§ **Prompt**: Your reply should be the entries, output word for word, with each picture omitted.

Records excerpted from a collection:
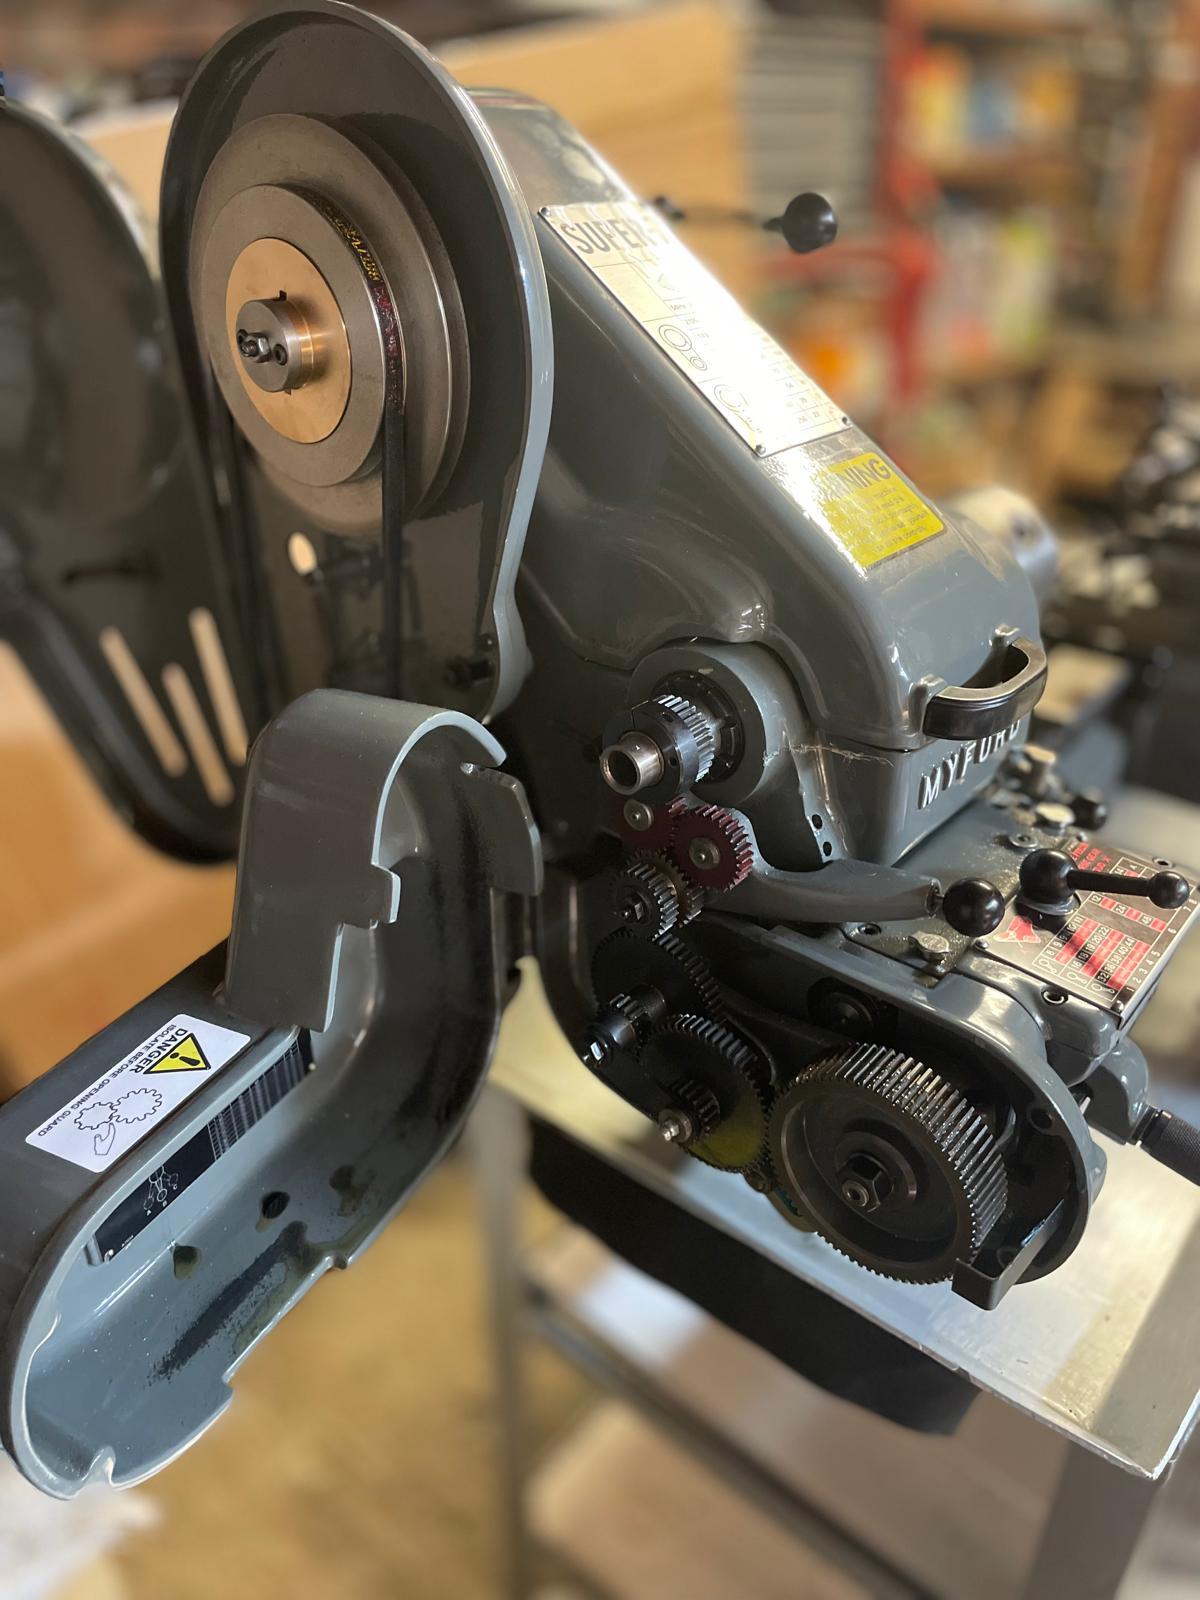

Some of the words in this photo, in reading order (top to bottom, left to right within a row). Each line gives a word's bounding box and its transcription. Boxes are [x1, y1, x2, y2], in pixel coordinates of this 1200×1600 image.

[1116, 905, 1127, 914] 24
[1085, 943, 1096, 951] 19
[1098, 926, 1110, 936] 22
[1145, 958, 1154, 966] 4
[1097, 972, 1109, 982] 32
[129, 1027, 188, 1074] DANGER
[142, 1024, 177, 1051] ISOLATE
[109, 1051, 144, 1078] BEFORE
[70, 1079, 111, 1110] OPENING
[38, 1109, 72, 1137] GUARD

§ **Solved problem**:
Some of the words in this photo, in reading order (top to bottom, left to right within a row). Each line gives a word's bounding box and its transcription. Boxes are [x1, y1, x2, y2], in pixel coordinates of this 1200×1600 image.

[1116, 905, 1127, 914] 24
[1085, 943, 1096, 951] 19
[1098, 926, 1110, 936] 22
[1145, 958, 1154, 966] 4
[1097, 972, 1109, 982] 32
[129, 1027, 188, 1074] DANGER
[142, 1024, 177, 1051] ISOLATE
[109, 1051, 144, 1078] BEFORE
[70, 1079, 111, 1110] OPENING
[38, 1109, 72, 1137] GUARD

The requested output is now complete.